Measurement of igg-blocking antibodies by elisa using monoclonal antibody and fluorogenic substrate

An enzyme-linked immunosorbent assay (ELISA) using mouse monoclonal antihuman γ-chain antibody and a fluorogenic substrate has been developed for quantitation of IgG-blocking antibodies in human serum. Generation of fluorescent product was linear with time to 60 min. Using optimal conditions the ELISA was sensitive to < 1 ng/ml of specific IgG to short ragweed pollen. The assay demonstrated consistently parallel dilution curves with 51 sera (mean interdilutional coefficient of variation = 8.8%). Reproducibility was determined by constructing precision profiles for intra and interassay variation for the entire working range of the assay. Intraassay CVs ranged from a mean of 13% at threshold to < 5% at higher antibody concentration.
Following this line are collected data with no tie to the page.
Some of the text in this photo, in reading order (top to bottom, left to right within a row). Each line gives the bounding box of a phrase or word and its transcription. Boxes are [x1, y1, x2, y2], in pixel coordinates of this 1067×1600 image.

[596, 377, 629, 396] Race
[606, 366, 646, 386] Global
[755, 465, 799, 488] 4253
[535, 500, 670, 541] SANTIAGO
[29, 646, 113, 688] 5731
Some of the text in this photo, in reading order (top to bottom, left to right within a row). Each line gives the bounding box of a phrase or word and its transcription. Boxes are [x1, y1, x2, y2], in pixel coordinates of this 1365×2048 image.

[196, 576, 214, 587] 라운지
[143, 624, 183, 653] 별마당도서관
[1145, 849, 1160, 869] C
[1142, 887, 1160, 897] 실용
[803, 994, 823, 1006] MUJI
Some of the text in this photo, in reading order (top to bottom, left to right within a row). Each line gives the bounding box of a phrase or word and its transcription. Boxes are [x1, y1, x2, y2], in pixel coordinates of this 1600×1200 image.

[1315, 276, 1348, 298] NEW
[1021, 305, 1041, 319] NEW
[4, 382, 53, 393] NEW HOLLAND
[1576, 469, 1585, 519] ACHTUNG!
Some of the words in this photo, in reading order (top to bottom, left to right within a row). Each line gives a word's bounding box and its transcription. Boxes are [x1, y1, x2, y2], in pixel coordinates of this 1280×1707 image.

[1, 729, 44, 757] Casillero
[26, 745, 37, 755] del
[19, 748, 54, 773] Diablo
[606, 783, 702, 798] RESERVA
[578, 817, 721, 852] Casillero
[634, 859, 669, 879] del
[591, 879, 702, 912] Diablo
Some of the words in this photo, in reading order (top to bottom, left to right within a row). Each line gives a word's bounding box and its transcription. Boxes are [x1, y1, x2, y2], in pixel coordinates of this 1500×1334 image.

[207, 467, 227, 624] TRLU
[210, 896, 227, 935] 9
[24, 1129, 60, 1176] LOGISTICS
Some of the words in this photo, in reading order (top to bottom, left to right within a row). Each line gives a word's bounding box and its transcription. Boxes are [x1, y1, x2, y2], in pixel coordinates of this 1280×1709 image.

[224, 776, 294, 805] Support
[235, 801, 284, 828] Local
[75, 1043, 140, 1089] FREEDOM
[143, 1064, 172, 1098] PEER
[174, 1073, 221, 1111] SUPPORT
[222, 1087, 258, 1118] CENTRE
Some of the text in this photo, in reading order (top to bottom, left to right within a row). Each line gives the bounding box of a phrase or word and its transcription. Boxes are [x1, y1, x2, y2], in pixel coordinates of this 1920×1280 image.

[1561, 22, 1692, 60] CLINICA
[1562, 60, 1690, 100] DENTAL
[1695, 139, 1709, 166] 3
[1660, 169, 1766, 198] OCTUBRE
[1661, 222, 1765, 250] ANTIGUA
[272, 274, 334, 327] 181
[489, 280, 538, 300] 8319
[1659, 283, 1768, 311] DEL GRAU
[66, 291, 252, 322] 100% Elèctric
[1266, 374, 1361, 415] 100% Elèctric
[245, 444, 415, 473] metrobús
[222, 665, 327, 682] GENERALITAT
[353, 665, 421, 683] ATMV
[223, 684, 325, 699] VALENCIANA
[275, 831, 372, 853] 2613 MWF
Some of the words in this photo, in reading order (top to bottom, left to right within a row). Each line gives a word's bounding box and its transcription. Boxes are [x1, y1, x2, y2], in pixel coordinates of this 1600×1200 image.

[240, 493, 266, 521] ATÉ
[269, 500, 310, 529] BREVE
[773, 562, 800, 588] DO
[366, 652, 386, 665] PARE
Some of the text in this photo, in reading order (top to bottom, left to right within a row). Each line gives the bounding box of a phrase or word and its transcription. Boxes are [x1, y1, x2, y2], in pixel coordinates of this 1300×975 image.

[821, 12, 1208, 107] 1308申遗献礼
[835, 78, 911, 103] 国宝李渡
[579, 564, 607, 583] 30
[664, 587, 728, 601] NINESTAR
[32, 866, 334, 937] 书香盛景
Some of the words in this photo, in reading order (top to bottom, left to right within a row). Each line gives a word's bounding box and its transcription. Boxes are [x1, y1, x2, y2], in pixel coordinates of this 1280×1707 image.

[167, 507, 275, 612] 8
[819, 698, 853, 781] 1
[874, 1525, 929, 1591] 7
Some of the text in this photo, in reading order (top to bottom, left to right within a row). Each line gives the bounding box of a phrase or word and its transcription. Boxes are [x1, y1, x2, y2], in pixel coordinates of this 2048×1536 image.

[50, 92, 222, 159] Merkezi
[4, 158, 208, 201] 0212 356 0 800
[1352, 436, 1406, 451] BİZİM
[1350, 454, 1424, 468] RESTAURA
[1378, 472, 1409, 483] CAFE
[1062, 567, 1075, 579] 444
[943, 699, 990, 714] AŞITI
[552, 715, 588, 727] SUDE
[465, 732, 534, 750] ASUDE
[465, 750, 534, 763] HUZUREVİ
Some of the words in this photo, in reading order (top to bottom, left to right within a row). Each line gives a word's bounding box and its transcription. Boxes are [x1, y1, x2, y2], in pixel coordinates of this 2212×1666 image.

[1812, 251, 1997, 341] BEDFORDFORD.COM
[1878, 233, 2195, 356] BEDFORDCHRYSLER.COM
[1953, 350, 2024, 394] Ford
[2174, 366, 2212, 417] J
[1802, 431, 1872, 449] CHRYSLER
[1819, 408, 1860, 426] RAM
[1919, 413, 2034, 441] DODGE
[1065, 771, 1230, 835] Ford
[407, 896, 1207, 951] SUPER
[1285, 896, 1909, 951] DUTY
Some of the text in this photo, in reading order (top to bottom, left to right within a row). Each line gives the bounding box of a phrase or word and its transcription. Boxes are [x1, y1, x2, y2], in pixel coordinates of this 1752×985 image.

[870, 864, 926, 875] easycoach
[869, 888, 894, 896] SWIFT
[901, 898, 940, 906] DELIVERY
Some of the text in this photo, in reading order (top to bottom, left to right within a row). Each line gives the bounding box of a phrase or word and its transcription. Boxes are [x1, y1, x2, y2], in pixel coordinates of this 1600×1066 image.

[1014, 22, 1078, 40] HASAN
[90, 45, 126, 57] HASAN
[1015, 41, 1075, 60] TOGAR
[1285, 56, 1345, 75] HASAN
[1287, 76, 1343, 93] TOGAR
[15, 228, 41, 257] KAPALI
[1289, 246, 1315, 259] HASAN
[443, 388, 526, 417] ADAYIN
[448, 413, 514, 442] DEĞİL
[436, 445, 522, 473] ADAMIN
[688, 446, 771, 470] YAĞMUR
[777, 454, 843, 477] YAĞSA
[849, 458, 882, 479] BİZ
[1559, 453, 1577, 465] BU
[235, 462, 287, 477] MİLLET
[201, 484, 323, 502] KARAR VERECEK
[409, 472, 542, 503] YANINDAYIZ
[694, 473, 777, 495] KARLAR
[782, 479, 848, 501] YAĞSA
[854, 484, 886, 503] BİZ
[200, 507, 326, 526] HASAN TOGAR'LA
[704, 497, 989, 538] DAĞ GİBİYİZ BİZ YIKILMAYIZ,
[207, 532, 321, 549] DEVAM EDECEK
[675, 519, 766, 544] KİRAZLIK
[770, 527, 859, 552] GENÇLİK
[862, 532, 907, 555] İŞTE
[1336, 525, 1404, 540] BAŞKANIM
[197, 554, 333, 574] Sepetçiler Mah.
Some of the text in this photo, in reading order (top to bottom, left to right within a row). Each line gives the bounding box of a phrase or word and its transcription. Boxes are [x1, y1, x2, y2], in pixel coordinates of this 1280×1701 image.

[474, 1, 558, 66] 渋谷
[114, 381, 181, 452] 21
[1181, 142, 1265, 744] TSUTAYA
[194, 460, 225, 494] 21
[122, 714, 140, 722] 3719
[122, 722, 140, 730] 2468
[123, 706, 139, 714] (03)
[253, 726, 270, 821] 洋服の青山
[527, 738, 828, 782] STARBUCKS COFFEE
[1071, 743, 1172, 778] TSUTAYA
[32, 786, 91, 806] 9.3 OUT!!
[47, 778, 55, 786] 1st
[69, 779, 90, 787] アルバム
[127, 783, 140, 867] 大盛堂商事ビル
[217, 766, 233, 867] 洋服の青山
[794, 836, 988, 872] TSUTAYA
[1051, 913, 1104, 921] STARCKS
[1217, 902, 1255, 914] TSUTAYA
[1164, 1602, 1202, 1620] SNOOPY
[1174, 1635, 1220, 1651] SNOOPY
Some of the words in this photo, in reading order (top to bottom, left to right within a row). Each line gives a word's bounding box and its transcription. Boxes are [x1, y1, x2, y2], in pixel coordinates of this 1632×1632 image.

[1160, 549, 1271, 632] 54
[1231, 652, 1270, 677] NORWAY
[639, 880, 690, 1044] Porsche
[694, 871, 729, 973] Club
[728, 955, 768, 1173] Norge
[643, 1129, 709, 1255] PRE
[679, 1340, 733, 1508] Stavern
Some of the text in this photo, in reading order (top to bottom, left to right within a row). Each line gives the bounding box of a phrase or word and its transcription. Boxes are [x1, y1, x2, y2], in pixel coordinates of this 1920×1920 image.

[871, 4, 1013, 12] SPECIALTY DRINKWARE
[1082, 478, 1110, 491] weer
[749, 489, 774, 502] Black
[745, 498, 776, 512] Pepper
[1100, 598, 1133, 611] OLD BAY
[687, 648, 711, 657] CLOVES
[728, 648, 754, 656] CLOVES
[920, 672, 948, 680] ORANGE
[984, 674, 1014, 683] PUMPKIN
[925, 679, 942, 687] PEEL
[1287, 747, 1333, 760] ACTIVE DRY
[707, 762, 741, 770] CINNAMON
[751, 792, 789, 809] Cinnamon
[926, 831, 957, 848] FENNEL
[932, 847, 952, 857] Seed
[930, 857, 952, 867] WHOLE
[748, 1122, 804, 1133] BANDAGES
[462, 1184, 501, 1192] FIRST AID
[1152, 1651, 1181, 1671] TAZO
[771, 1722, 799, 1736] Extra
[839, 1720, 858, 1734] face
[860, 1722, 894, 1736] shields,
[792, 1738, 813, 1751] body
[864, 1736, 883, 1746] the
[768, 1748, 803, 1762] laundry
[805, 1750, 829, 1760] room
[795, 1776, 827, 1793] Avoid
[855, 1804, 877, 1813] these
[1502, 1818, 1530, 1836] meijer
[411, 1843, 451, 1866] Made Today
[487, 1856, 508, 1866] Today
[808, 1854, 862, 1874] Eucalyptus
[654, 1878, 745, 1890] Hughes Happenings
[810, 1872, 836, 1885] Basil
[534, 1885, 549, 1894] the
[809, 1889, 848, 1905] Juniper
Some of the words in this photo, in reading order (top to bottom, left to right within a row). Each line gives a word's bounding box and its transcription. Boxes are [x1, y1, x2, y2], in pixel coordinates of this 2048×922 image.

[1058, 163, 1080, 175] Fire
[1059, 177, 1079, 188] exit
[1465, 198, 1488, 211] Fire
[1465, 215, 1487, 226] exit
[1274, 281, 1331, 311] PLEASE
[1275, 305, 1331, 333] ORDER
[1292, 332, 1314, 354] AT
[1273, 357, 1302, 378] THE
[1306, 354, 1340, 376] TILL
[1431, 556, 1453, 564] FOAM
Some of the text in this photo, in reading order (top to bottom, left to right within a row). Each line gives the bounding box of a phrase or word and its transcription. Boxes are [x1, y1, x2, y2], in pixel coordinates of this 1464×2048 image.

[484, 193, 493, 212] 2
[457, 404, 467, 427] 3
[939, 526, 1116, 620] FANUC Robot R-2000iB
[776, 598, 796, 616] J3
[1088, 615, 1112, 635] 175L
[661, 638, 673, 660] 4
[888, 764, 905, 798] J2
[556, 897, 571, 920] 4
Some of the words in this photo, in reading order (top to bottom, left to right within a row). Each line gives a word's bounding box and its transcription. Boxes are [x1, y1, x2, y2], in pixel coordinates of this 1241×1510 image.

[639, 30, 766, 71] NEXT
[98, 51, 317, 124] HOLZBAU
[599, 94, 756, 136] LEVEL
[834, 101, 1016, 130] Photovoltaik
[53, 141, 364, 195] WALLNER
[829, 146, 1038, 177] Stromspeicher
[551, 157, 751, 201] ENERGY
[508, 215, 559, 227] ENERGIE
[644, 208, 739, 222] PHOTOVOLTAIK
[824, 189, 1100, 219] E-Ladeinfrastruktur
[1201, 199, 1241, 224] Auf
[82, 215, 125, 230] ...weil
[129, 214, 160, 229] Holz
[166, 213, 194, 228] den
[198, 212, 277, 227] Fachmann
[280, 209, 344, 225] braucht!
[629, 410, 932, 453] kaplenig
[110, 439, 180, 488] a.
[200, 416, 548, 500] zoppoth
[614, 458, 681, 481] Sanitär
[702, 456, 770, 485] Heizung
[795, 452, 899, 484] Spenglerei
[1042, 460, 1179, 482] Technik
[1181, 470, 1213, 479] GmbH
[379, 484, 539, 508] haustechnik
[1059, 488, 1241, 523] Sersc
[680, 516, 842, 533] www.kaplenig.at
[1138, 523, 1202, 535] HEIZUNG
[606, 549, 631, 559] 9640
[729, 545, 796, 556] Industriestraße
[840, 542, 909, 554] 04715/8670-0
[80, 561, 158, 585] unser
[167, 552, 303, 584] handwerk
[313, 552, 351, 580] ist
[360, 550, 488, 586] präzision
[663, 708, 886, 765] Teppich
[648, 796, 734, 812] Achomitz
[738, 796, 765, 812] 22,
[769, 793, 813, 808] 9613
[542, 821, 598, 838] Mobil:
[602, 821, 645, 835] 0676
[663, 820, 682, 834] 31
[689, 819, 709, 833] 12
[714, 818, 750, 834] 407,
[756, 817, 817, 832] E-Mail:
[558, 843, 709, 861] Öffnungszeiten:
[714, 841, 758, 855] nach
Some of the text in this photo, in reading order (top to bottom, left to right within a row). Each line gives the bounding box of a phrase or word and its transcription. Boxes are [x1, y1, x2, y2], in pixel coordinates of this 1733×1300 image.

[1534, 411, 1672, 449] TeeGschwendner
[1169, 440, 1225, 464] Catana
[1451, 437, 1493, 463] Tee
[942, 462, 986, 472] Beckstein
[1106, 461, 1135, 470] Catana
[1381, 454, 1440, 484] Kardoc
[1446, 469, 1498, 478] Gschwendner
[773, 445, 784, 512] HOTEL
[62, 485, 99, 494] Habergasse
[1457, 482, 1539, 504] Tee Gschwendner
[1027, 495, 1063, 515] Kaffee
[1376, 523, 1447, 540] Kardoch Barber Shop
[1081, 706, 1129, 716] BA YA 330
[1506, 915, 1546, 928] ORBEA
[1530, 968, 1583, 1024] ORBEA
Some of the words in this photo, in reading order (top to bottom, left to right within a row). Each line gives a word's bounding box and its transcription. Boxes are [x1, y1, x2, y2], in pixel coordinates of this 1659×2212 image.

Interassay reproducibility similarly ranged from 18 to 10%. In this assay the effect of serum dilution on nonspecific binding was minimal and specific binding of 4-10 ng IgG antibody to the antigen-adsorbed wells was largely complete (75.8 ±4.8%) and highly specific (> 98%). This application of ELISA for ragweed IgG antibody measurement has performance specifications equal or superior to previously developed radioimmunoassay and ELISA systems.